Problem to work on:
Return the lines of the data below, from the one containing "this 1512×1368 image." through the very last, exactly and with both ends included; no pictures.

Exercise materials:
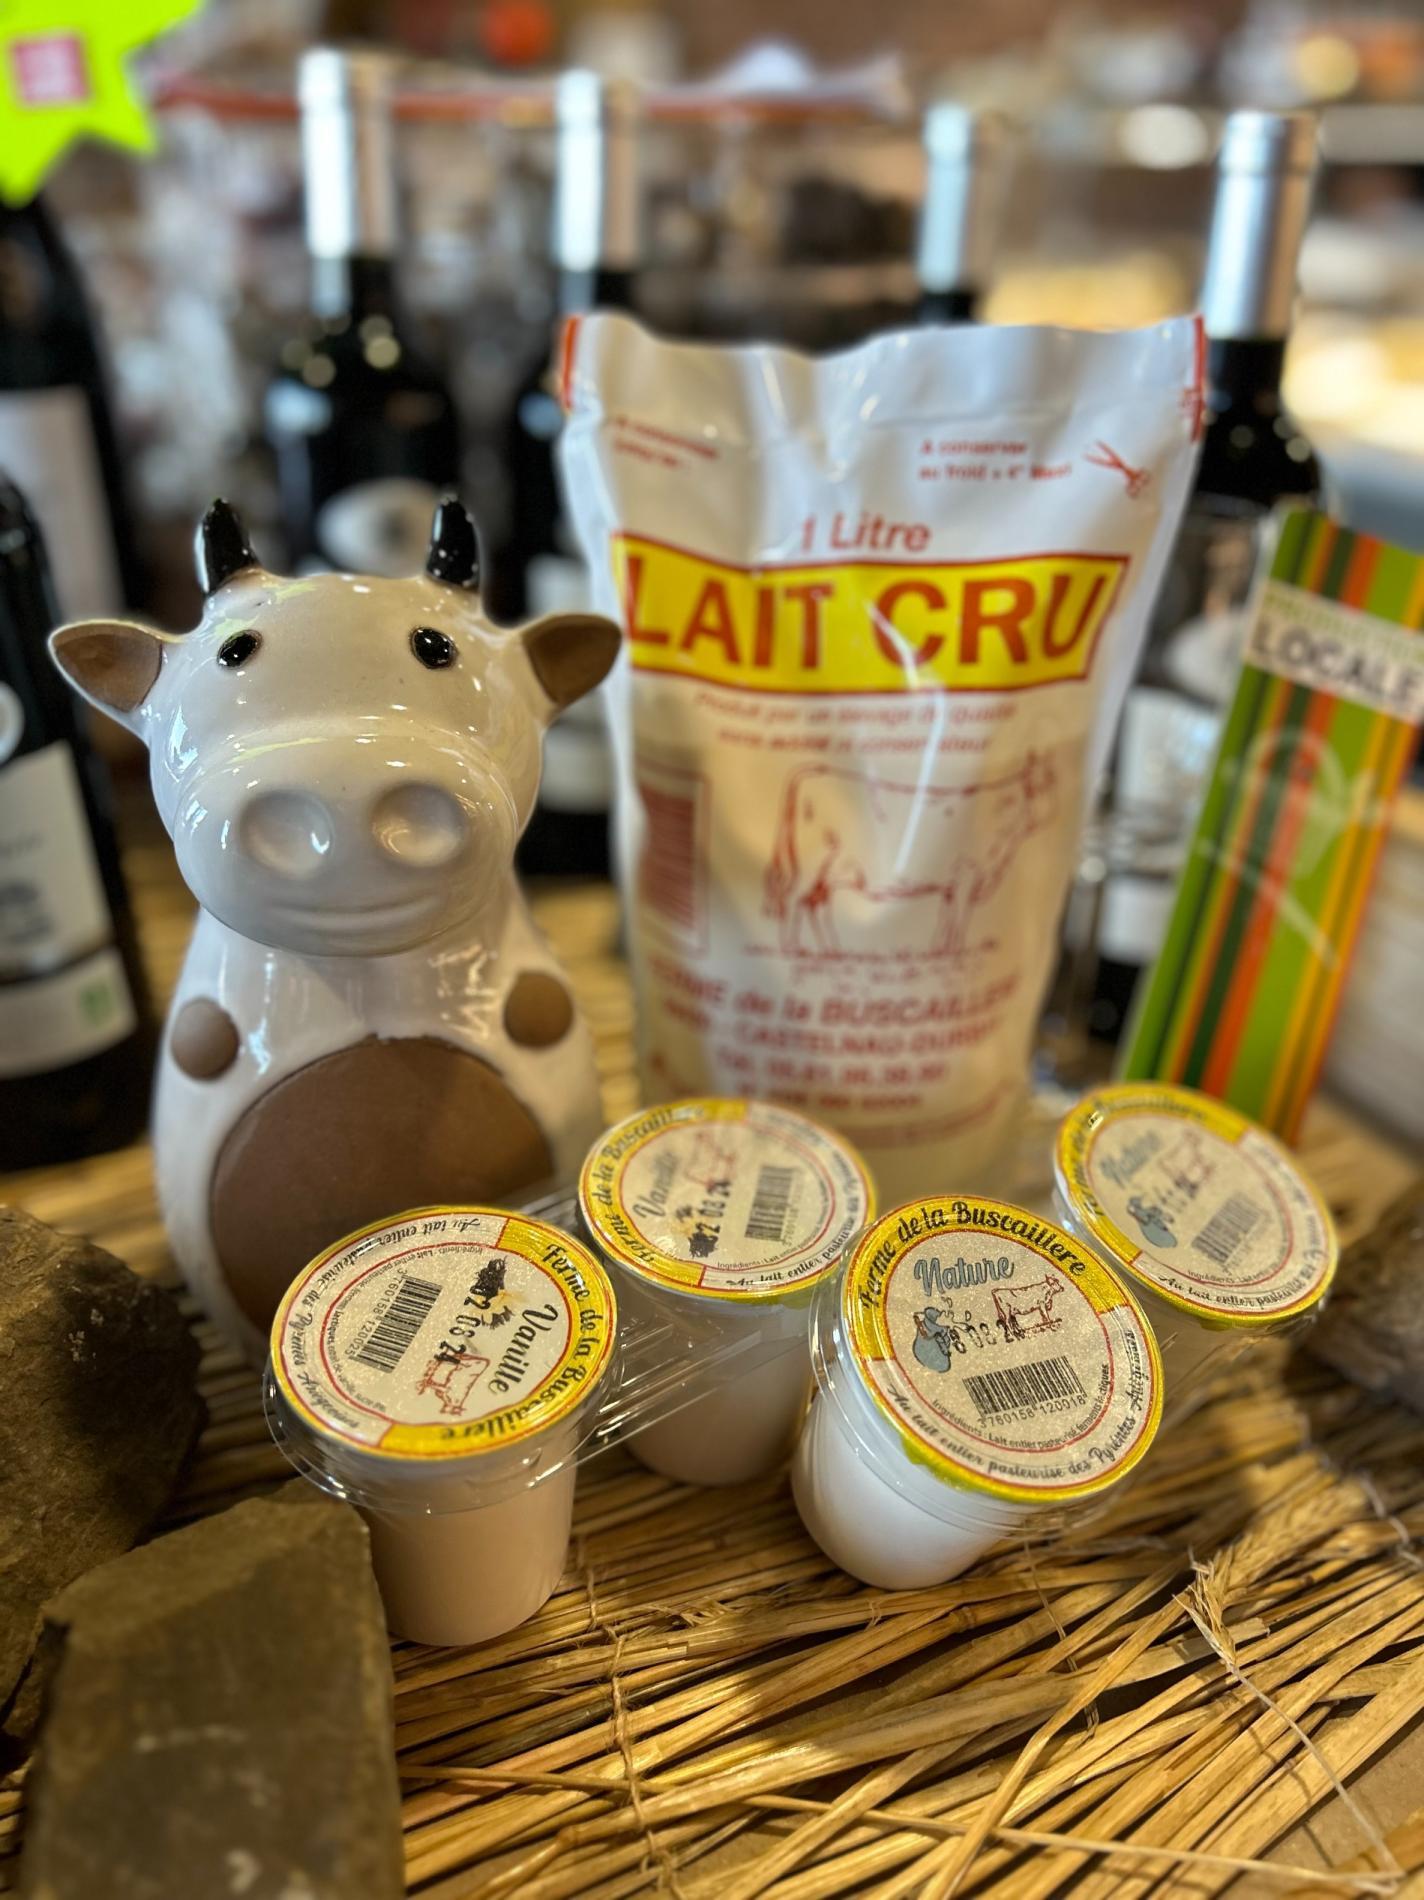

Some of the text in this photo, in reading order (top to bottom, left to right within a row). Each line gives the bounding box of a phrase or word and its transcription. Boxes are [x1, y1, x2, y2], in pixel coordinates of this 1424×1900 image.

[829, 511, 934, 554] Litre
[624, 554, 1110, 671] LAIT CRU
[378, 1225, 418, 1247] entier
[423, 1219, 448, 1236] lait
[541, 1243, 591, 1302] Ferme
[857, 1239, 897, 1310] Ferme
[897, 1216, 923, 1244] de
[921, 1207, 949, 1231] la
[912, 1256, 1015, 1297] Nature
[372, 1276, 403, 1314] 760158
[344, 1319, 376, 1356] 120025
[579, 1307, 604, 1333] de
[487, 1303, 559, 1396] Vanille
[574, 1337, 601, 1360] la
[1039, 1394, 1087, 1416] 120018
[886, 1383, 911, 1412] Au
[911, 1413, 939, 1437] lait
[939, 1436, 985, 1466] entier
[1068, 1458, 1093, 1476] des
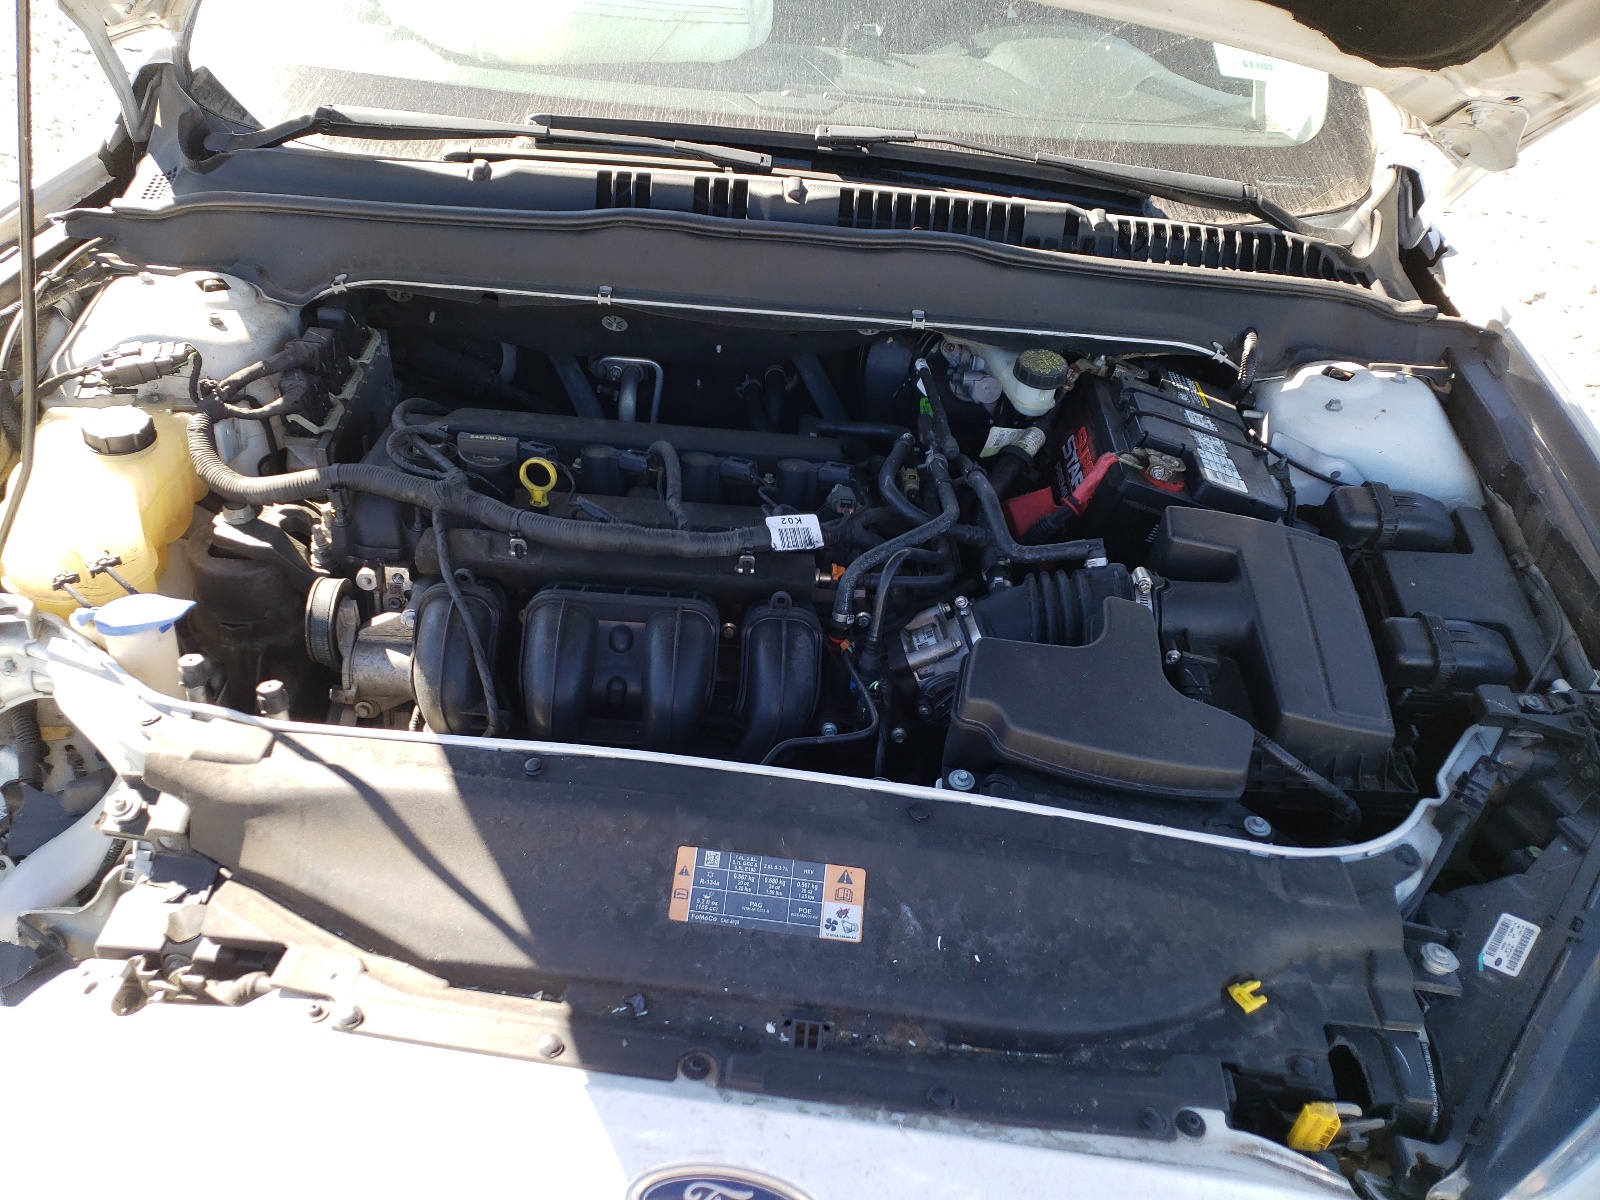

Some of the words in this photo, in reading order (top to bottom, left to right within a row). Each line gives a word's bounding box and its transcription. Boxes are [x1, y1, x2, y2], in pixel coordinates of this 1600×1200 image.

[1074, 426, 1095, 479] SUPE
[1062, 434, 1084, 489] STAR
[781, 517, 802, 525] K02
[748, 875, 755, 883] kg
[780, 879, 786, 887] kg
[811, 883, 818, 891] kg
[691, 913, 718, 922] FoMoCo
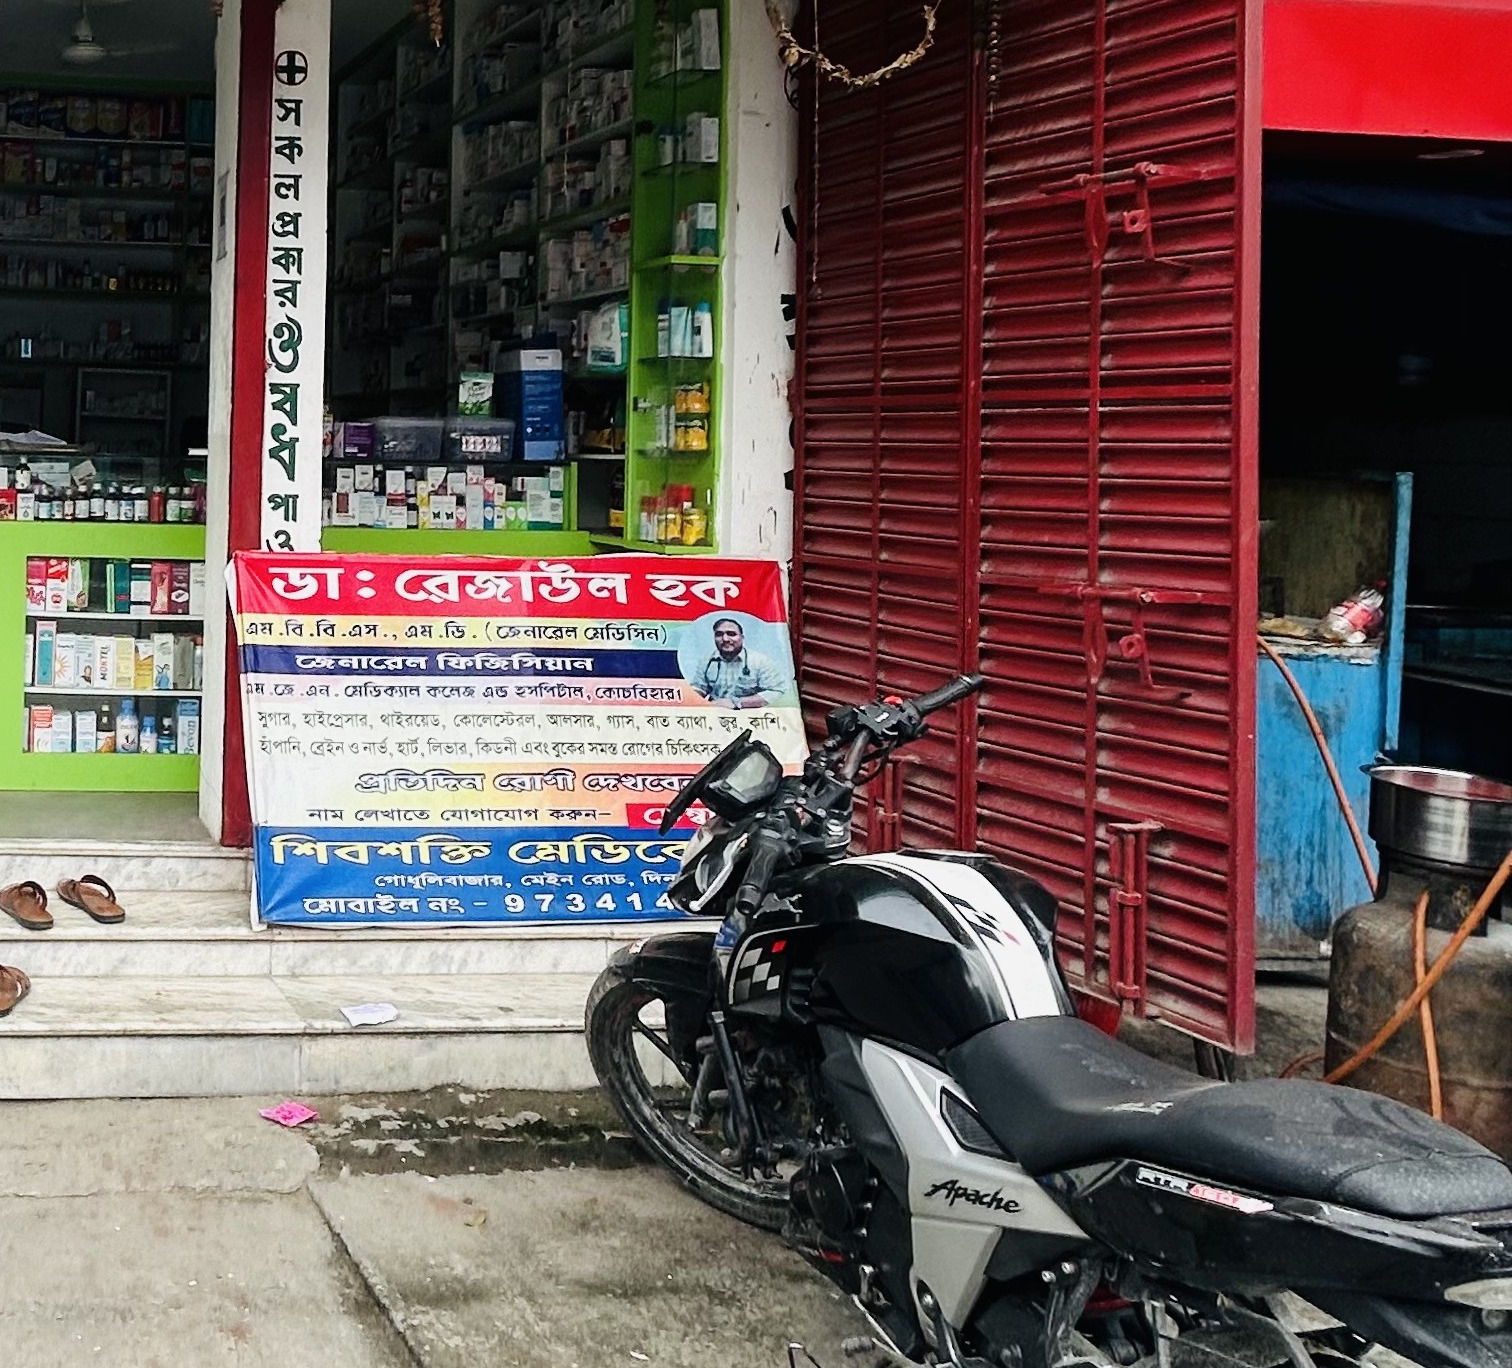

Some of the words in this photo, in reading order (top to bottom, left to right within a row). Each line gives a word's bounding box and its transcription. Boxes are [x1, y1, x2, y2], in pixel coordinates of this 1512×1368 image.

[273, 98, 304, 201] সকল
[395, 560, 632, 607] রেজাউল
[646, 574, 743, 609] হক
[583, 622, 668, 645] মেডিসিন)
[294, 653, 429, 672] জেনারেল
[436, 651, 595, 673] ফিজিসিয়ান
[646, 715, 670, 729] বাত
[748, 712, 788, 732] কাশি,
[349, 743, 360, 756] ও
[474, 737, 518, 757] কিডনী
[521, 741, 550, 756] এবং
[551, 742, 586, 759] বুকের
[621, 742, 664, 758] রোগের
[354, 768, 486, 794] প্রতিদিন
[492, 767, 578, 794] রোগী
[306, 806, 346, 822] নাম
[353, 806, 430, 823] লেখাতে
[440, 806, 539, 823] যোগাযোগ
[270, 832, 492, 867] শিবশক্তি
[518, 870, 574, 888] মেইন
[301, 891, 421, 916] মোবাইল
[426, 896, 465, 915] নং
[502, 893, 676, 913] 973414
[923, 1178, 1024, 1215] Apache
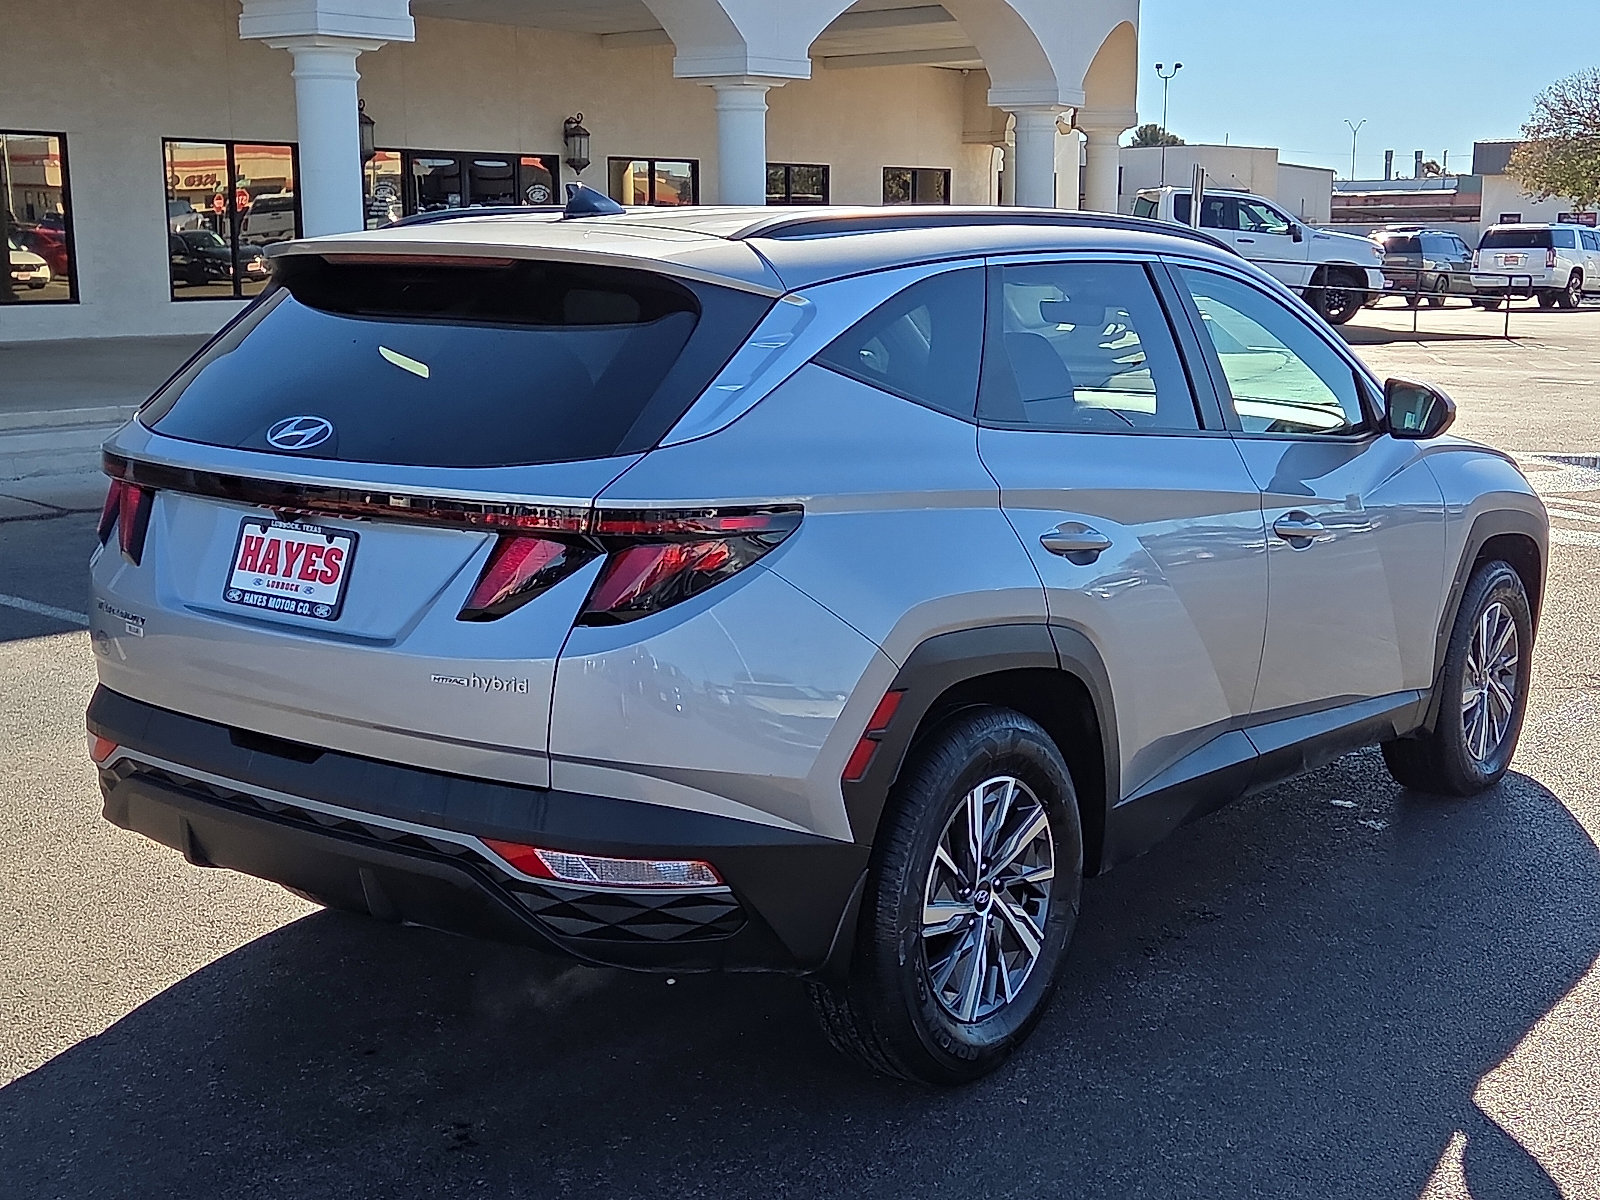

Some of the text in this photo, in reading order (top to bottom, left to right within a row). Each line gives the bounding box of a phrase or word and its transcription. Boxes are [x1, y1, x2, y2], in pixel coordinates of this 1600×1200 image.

Exercise solution:
Some of the words in this photo, in reading order (top to bottom, left to right within a row). Each line gives a word's bounding box and its transcription. Boxes are [x1, y1, x2, y2], in pixel coordinates of this 1512×1368 image.

[273, 98, 304, 201] সকল
[395, 560, 632, 607] রেজাউল
[646, 574, 743, 609] হক
[583, 622, 668, 645] মেডিসিন)
[294, 653, 429, 672] জেনারেল
[436, 651, 595, 673] ফিজিসিয়ান
[646, 715, 670, 729] বাত
[748, 712, 788, 732] কাশি,
[349, 743, 360, 756] ও
[474, 737, 518, 757] কিডনী
[521, 741, 550, 756] এবং
[551, 742, 586, 759] বুকের
[621, 742, 664, 758] রোগের
[354, 768, 486, 794] প্রতিদিন
[492, 767, 578, 794] রোগী
[306, 806, 346, 822] নাম
[353, 806, 430, 823] লেখাতে
[440, 806, 539, 823] যোগাযোগ
[270, 832, 492, 867] শিবশক্তি
[518, 870, 574, 888] মেইন
[301, 891, 421, 916] মোবাইল
[426, 896, 465, 915] নং
[502, 893, 676, 913] 973414
[923, 1178, 1024, 1215] Apache

Some of the text in this photo, in reading order (top to bottom, left to right within a row). Each line gives the bounding box of a phrase or word and its transcription. Boxes are [x1, y1, x2, y2], in pixel coordinates of this 1600×1200 image.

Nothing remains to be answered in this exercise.